MD: She's not exactly "one of the guys." Obviously, she's relieved we brought in another girl this year, Sadie Sink. But they all get along. She and Noah are really close, they're like best friends. They have sleepovers all the time. They all have different levels of friendship. I don't know how to describe it. It's like going to school, but you have a class of five people, so it's really intimate. They're really like family. They love each other like family, they bicker like family. 
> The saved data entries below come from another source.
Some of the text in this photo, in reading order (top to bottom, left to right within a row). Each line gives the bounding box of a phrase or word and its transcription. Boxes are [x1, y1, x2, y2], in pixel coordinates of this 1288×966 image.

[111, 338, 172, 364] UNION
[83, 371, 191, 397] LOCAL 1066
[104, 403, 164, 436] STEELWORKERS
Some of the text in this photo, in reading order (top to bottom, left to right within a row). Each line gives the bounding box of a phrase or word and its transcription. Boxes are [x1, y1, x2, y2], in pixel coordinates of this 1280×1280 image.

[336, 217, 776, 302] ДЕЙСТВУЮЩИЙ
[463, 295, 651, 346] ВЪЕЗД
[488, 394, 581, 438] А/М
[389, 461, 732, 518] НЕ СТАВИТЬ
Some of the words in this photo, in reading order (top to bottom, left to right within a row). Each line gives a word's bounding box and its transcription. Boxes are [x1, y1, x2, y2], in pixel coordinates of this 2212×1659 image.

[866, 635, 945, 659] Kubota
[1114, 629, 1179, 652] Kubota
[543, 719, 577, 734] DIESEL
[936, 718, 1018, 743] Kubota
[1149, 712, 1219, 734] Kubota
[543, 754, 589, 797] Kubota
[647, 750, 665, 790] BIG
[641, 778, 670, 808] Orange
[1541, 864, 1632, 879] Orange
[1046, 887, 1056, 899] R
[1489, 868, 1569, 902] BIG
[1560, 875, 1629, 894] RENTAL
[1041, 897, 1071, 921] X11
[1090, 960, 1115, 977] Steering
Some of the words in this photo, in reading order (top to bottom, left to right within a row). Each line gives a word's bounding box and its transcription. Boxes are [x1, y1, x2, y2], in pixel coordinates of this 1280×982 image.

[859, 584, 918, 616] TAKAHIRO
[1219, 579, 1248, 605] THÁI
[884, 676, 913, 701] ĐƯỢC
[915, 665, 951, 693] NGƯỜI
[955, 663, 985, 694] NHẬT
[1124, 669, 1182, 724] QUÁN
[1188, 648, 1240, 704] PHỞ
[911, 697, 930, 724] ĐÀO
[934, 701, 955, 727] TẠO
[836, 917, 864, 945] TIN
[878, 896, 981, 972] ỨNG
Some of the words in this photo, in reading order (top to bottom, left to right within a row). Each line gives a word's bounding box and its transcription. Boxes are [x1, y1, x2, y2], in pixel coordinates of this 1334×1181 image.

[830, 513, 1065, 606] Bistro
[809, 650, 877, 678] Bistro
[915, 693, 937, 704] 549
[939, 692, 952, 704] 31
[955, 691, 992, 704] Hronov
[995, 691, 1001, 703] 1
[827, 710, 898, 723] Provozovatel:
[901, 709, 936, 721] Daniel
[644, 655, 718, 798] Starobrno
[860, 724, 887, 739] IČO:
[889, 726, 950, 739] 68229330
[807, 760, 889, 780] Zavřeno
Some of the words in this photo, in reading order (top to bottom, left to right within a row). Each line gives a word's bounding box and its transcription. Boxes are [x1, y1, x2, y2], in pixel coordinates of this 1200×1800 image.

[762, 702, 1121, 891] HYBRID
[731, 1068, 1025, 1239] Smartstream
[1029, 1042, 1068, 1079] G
What has it been like watching the kids get the fame and then have to navigate that fame, and to know that you are partly responsible for it? 
RD: It's surreal for us, but even more so for them. I walk down the street, and no one cares, but when we're wandering around with the kids, everyone comes up to them. It's certainly a surreal experience, and it's hard for me to know exactly how they're coping with it. I just know that on set, the kids are the same. They still seem like normal kids, which is what I worried about coming into this season. But they seem to be pretty well-grounded and handling it very well.
MD: The thing I'm relieved about is—I'm certainly confident—they all love what they're doing. They love coming to set, they love working, they love acting. In terms of the fame thing, I don't know. It's just a side effect that I think some of them are more into than others. You're worried about, what if they realize this isn't their true passion? They're so young. But this year, those fears went away. It became clear that this was a passion for all of them. 

How are they different coming from Season 1 into Season 2? Were they more confident this time around?  
RD: They went through five to six months last year of filming. None of them had spent that much time on camera before. It was like a boot camp. They really learned a lot. Now, they're professionals. They were great before, but now, there's just a better understanding of where the camera is and hitting your mark. They just understand the process more.

Does it dawn on you that you guys have had a hand in changing these kids lives forever? That’s a big responsibility.
MD: Yeah, thanks for bringing that up. I try not to think about it too much.
RD: We're just in this little bubble. We're trying to tell this story. But you just get so focused that you forget that there's this outside world that understands it, or knows what this is. I think for them, it's probably more apparent because anytime they walk around, people recognize them. For us, I'm sort of able to forget about all of that and not think about it too much, and try to remember when we were making that first season, when we were just a little show that we had fun making, that we were like, "Oh, I hope some people like this!” And that we can keep telling the story.
MD: That's the headspace that we're trying to be in.